─── Information
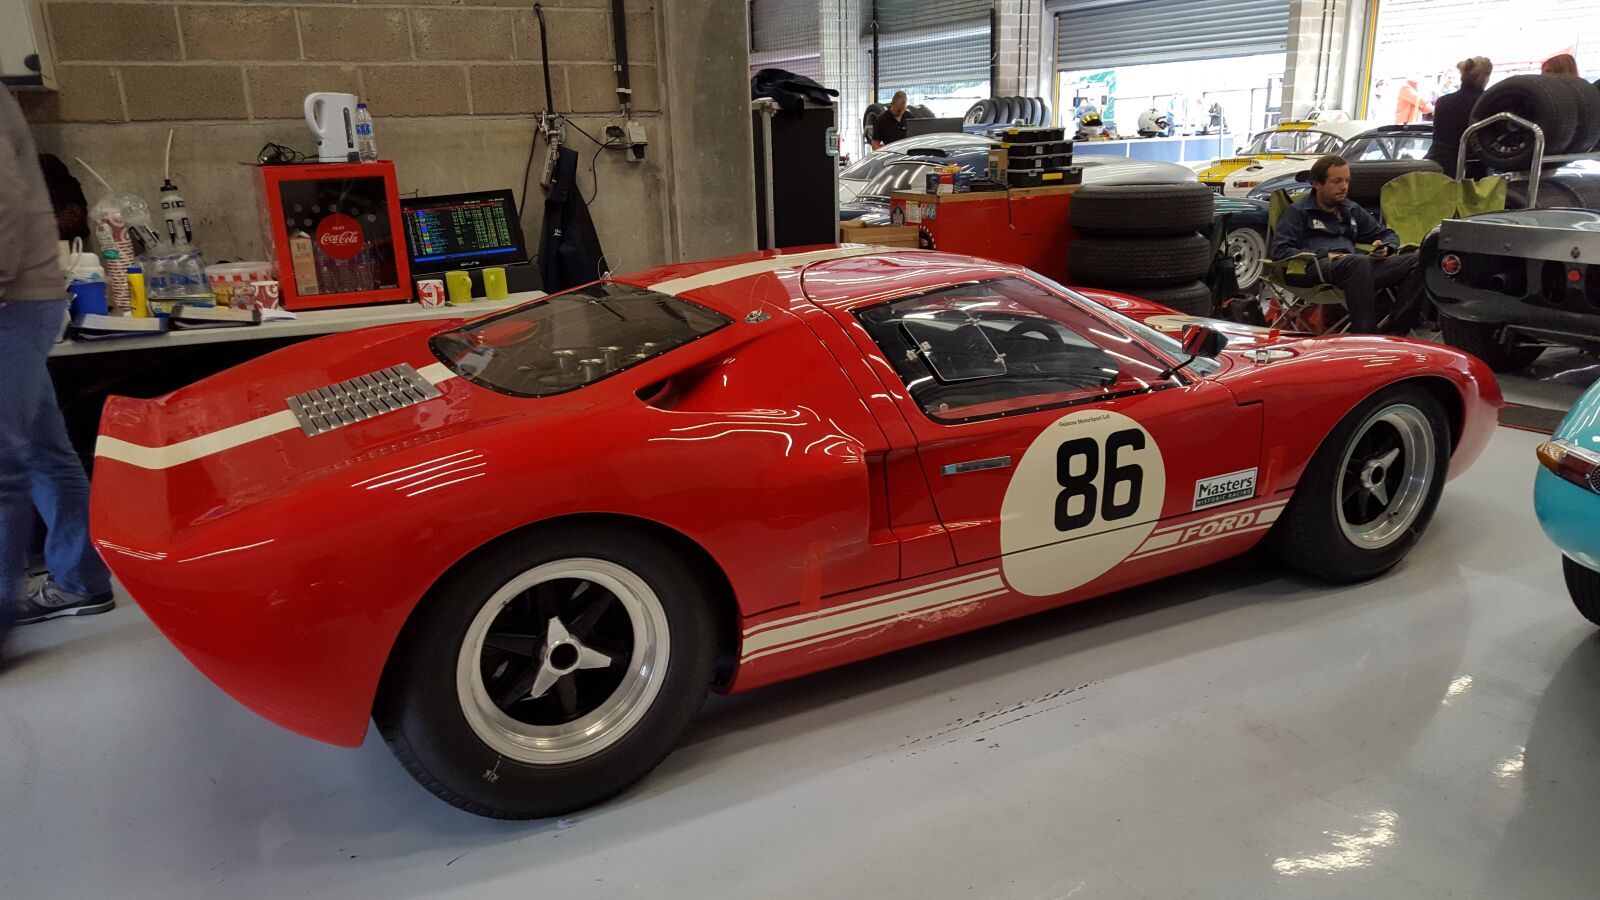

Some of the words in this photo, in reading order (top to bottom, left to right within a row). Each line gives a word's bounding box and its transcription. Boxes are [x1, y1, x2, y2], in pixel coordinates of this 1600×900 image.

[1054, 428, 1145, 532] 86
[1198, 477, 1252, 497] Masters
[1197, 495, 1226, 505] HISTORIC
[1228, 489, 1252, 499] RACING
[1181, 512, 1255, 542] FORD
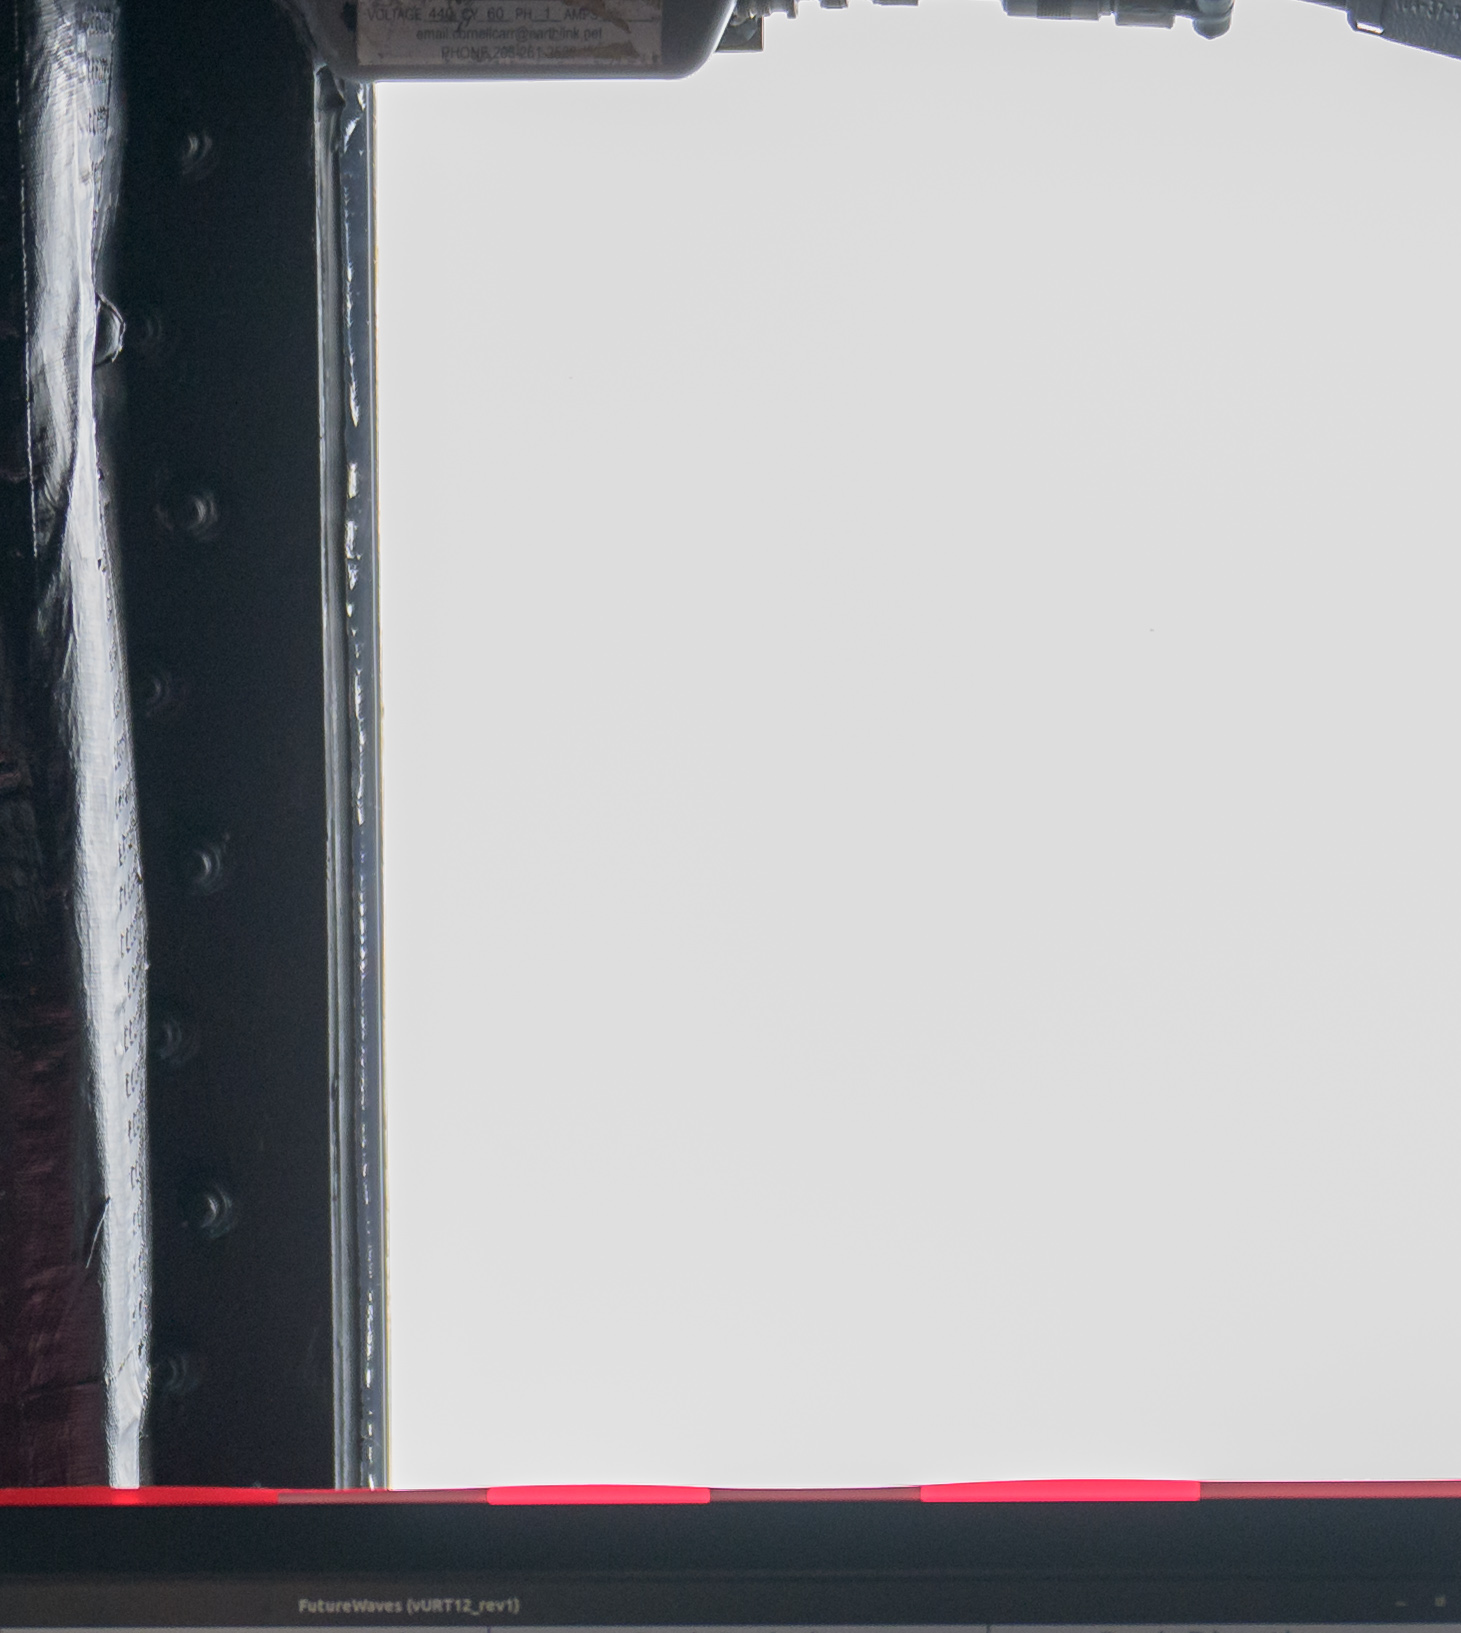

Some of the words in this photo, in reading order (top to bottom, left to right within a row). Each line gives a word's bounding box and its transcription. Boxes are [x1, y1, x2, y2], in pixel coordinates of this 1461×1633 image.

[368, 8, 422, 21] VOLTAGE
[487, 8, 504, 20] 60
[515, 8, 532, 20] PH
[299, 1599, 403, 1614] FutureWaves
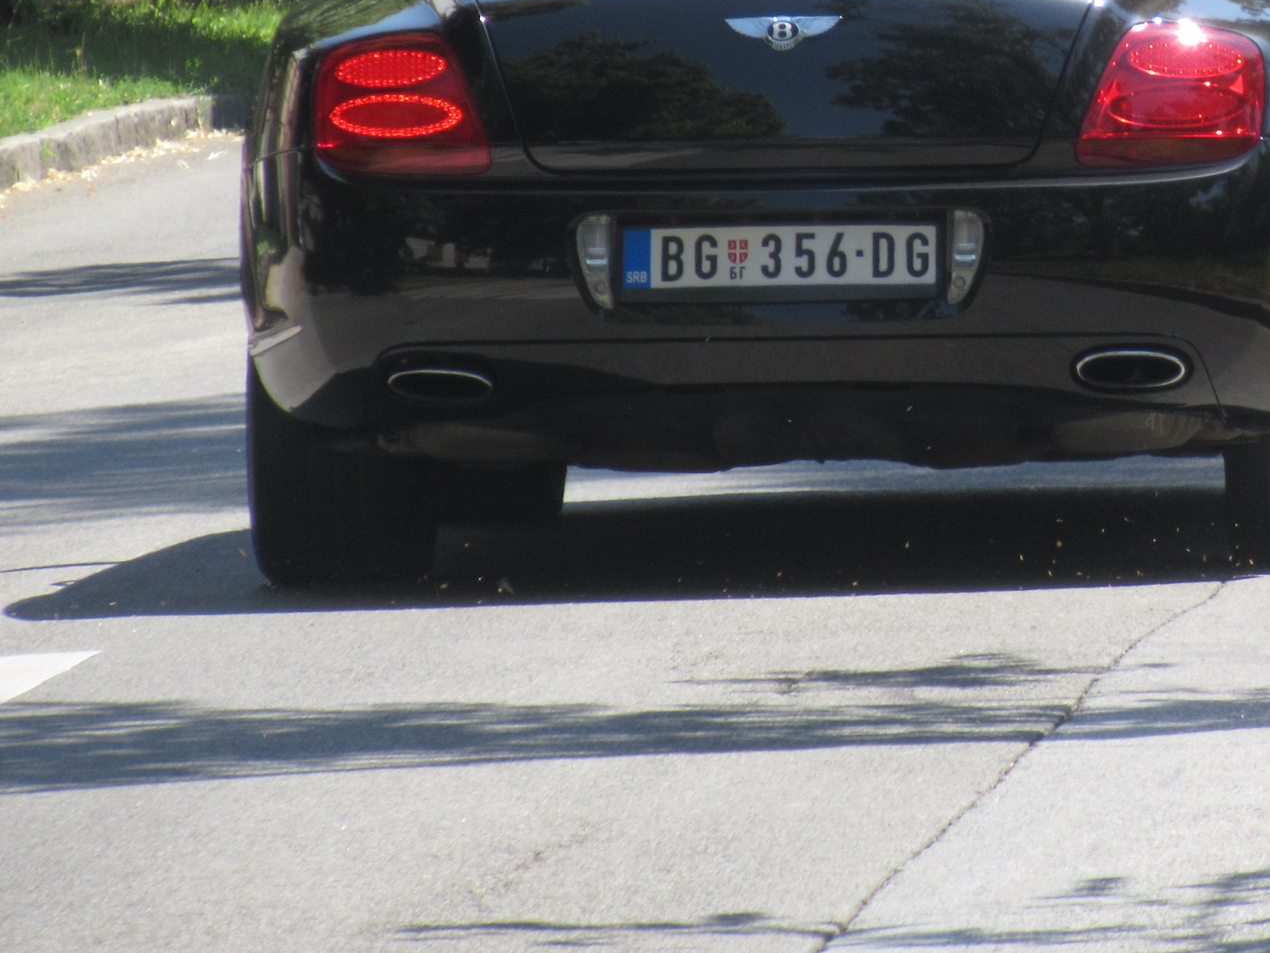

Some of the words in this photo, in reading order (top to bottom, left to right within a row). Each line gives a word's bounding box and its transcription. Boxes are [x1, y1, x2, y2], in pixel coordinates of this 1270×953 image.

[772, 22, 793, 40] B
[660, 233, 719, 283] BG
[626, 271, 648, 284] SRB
──────
# Aim of the exercise:
The line with "this 1270×953 image." through the last line of the entries above: output exactly those lines and nothing else.

# The completed task:
Some of the words in this photo, in reading order (top to bottom, left to right within a row). Each line gives a word's bounding box and its transcription. Boxes are [x1, y1, x2, y2], in pixel coordinates of this 1270×953 image.

[772, 22, 793, 40] B
[660, 233, 719, 283] BG
[626, 271, 648, 284] SRB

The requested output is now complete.